Start of Raw data

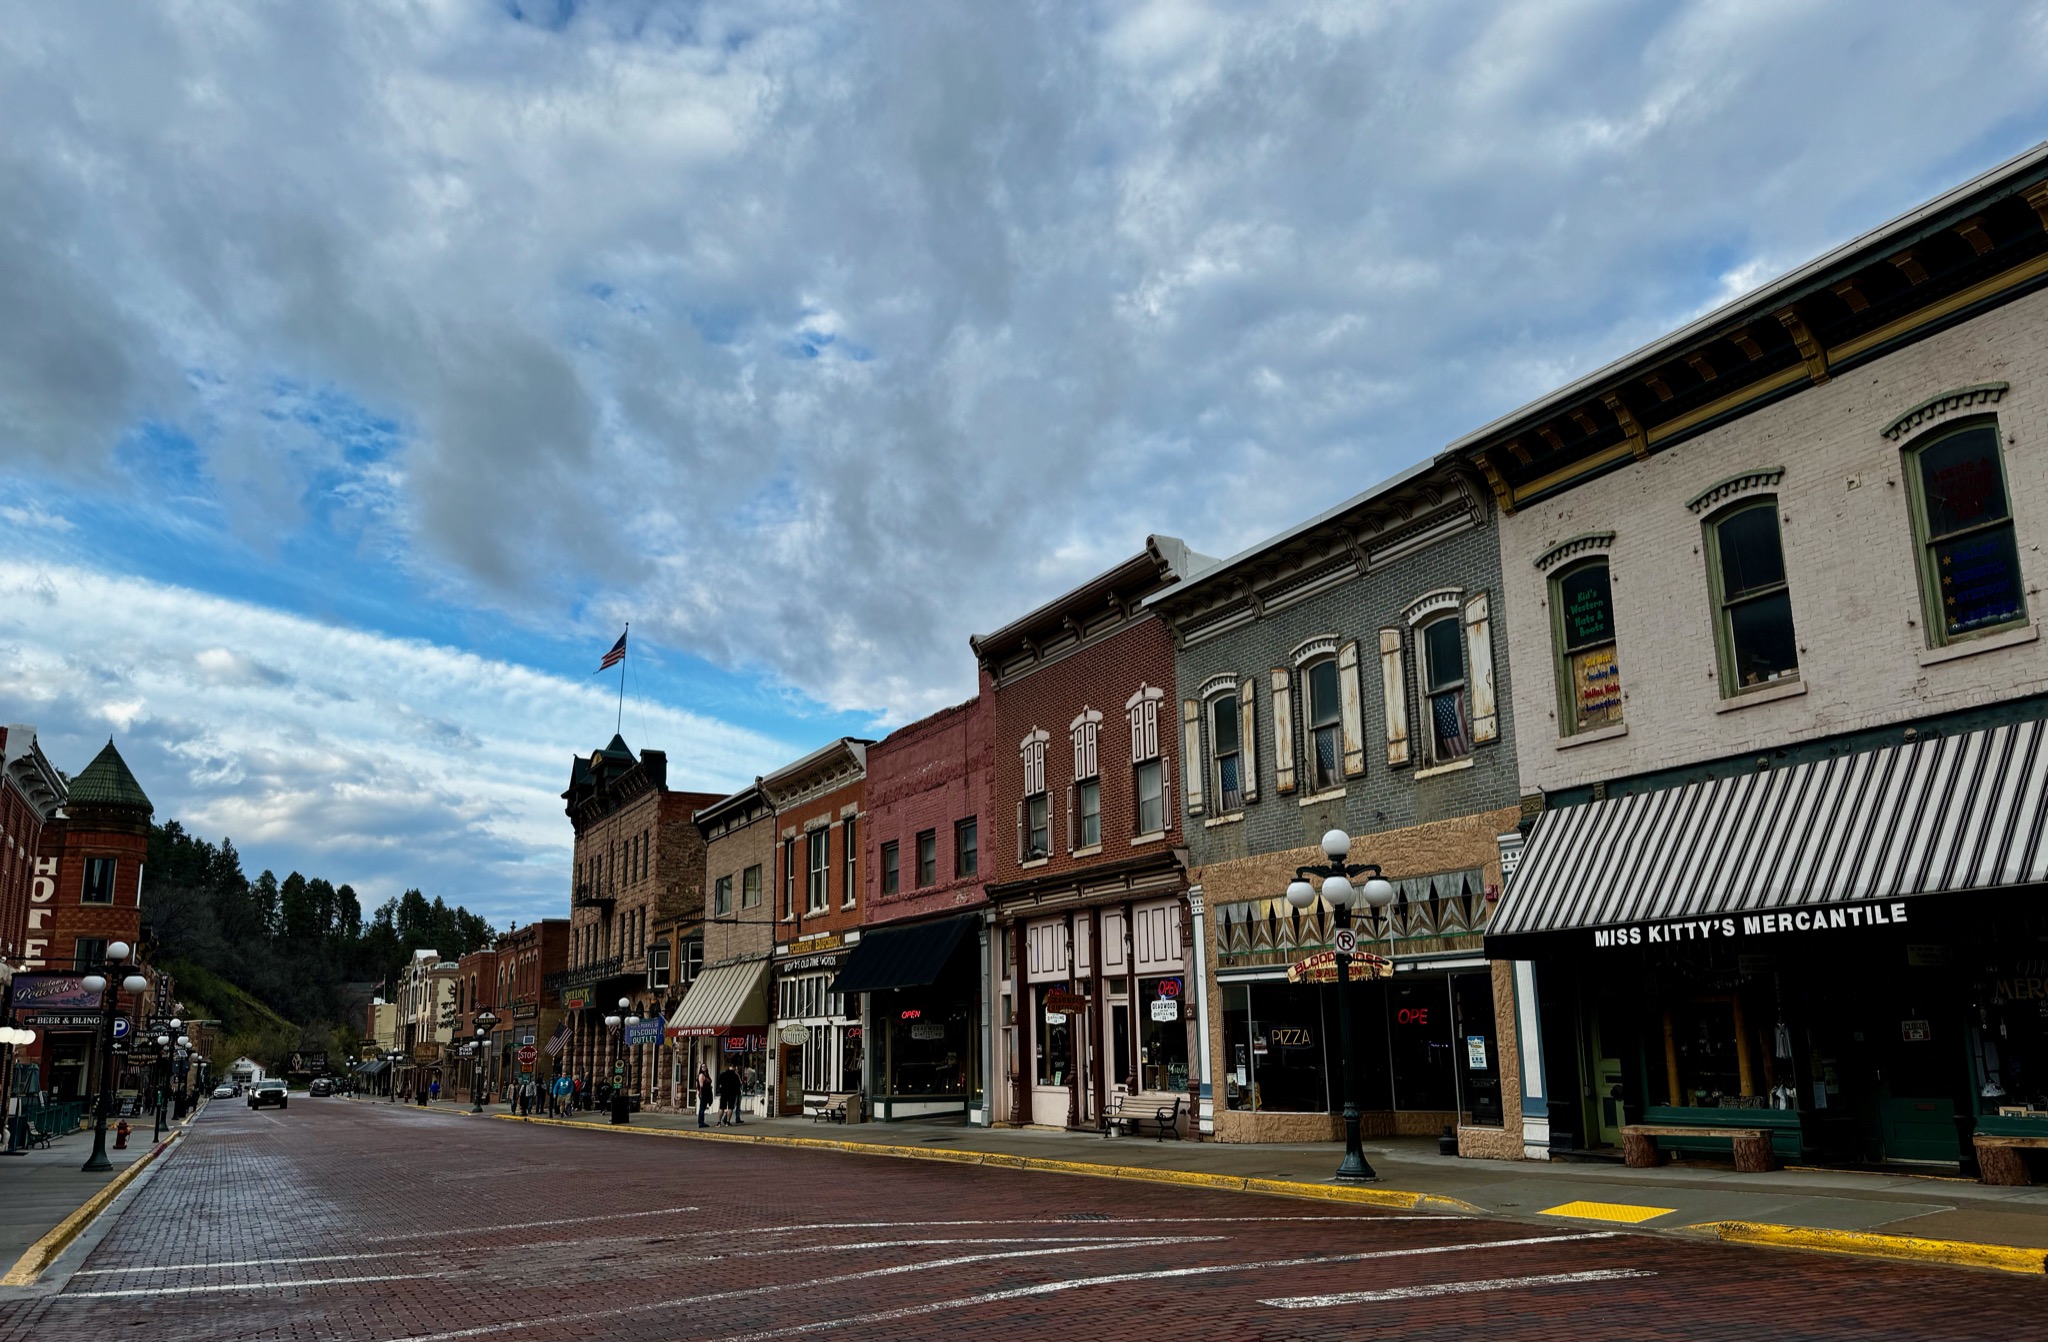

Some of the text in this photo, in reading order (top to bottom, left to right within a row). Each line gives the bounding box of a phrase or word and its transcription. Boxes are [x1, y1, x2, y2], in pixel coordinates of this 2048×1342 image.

[1577, 588, 1598, 602] Kid's
[1569, 600, 1604, 615] Western
[1574, 609, 1605, 627] Hats &
[1580, 622, 1605, 637] Boots
[1584, 683, 1620, 699] Dallas Hats
[1586, 698, 1621, 712] Lonestar
[25, 856, 58, 972] HOTE
[1594, 902, 1908, 947] MISS KITTY'S MERCANTILE
[790, 935, 841, 954] PORTRAIT EMPORIUM
[801, 959, 809, 969] OLD
[1294, 951, 1336, 973] BLOOD
[1316, 967, 1362, 977] SALON
[1158, 980, 1178, 996] OPEN
[1151, 1002, 1176, 1010] DEADWOOD
[37, 1017, 100, 1025] BEER & BLING
[901, 1010, 921, 1019] OPEN
[633, 1035, 657, 1044] OUTLET
[783, 1031, 808, 1043] PHOTOS
[1271, 1029, 1311, 1045] PIZZA
[520, 1051, 536, 1060] STOP
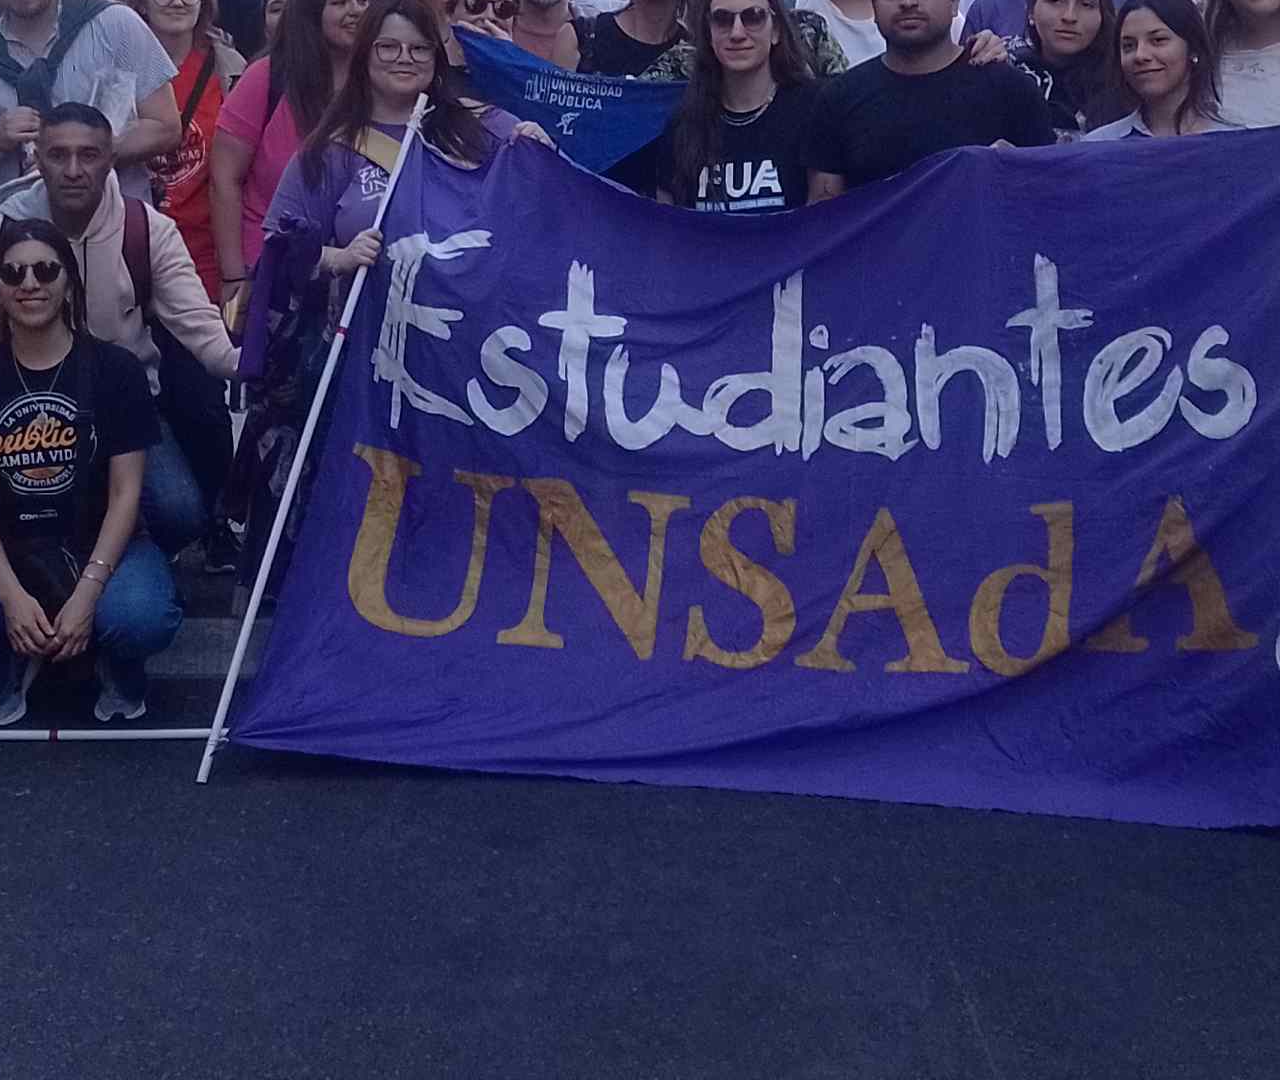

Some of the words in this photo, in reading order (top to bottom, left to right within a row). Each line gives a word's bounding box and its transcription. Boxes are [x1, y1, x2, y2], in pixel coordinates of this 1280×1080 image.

[551, 77, 623, 98] UNIVERSIDAD
[48, 448, 77, 463] VID
[346, 443, 1260, 678] UNSAdA

End of Raw data

* _Work to complete_:
The answer should be the exact lines running from the line containing "Some of the words" to the last line of the entries, with nothing else.

* _Solution_:
Some of the words in this photo, in reading order (top to bottom, left to right within a row). Each line gives a word's bounding box and its transcription. Boxes are [x1, y1, x2, y2], in pixel coordinates of this 1280×1080 image.

[551, 77, 623, 98] UNIVERSIDAD
[48, 448, 77, 463] VID
[346, 443, 1260, 678] UNSAdA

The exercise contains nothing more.